La lettre du 29 janvier intervient après l’annonce de restrictions de visa prises par les États-Unis à ton encontre. Ce fait ne relève pas de l’interprétation. Il constitue le contexte immédiat de l’écriture. Il précède la prudence soudaine, la réserve affichée, l’abstention déclarée. Cette chronologie suffit à éclairer le déplacement opéré.
La faim entre alors en scène.
La faim du visa.
La faim de la respectabilité internationale.
La faim de l’accès, du déplacement, de la reconnaissance extérieure.
Cette faim guide désormais l’écriture. Elle enveloppe le retrait d’une architecture juridique soignée, d’hypothèses institutionnelles, d’alertes tardives. Les fragilités invoquées existaient déjà lorsque la résolution a été signée. Les tensions faisaient partie du contexte. Ce qui change, entre le 23 et le 29 janvier, concerne ta situation personnelle face au monde extérieur.
C’est ici que l’âme vacille. C’est ici que le ventre parle. Entre l’État que tu dis servir et le regard international que tu refuses de perdre. Ce tiraillement dépasse l’intime. Il engage une responsabilité publique. Il expose Haïti au spectacle d’un désengagement écrit, justifié, signé.
L’honneur d’un pays et de ses hommes d’État se mesurent à la capacité de tenir lorsque le coût politique se précise. Sur ce point, ta dernière lettre marque une rupture.

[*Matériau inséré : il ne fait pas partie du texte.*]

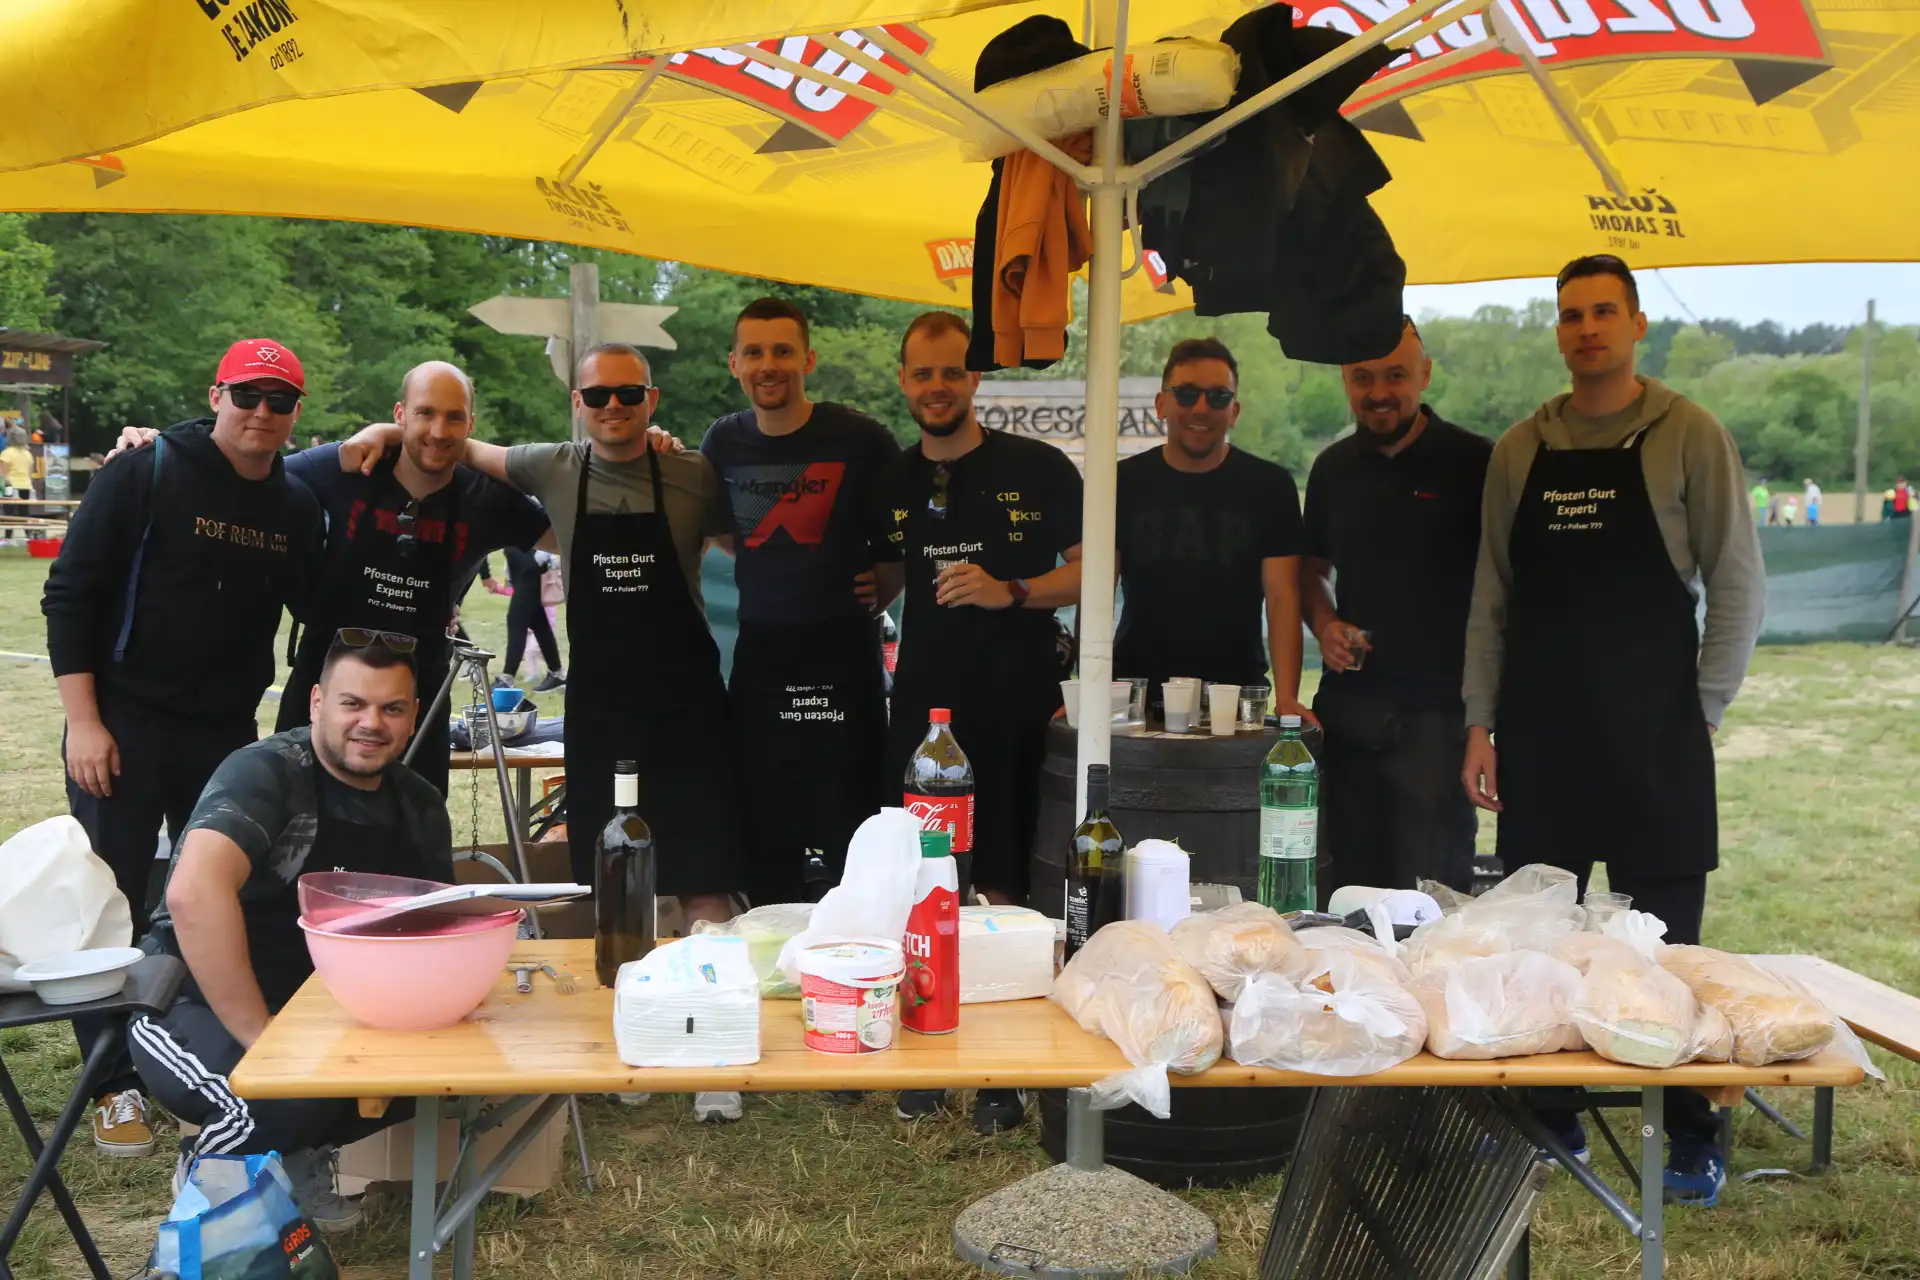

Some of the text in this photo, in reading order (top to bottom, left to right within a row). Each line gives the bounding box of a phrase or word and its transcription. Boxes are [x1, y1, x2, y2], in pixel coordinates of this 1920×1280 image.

Elle inscrit un renoncement dans le registre du droit et de la prudence, alors qu’il procède d’un choix.
Enfin la faim t’a eu.
Pas celle du peuple, qui vit sans visa et sans issue.
Celle du dirigeant, confronté au prix de la reconnaissance extérieure.
Aujourd’hui, tu n’es ni Charlemagne ni Conzé. Entre le héros et le traître, il n’y a que « Rien ».
Ce choix t’appartient.
Il est désormais écrit.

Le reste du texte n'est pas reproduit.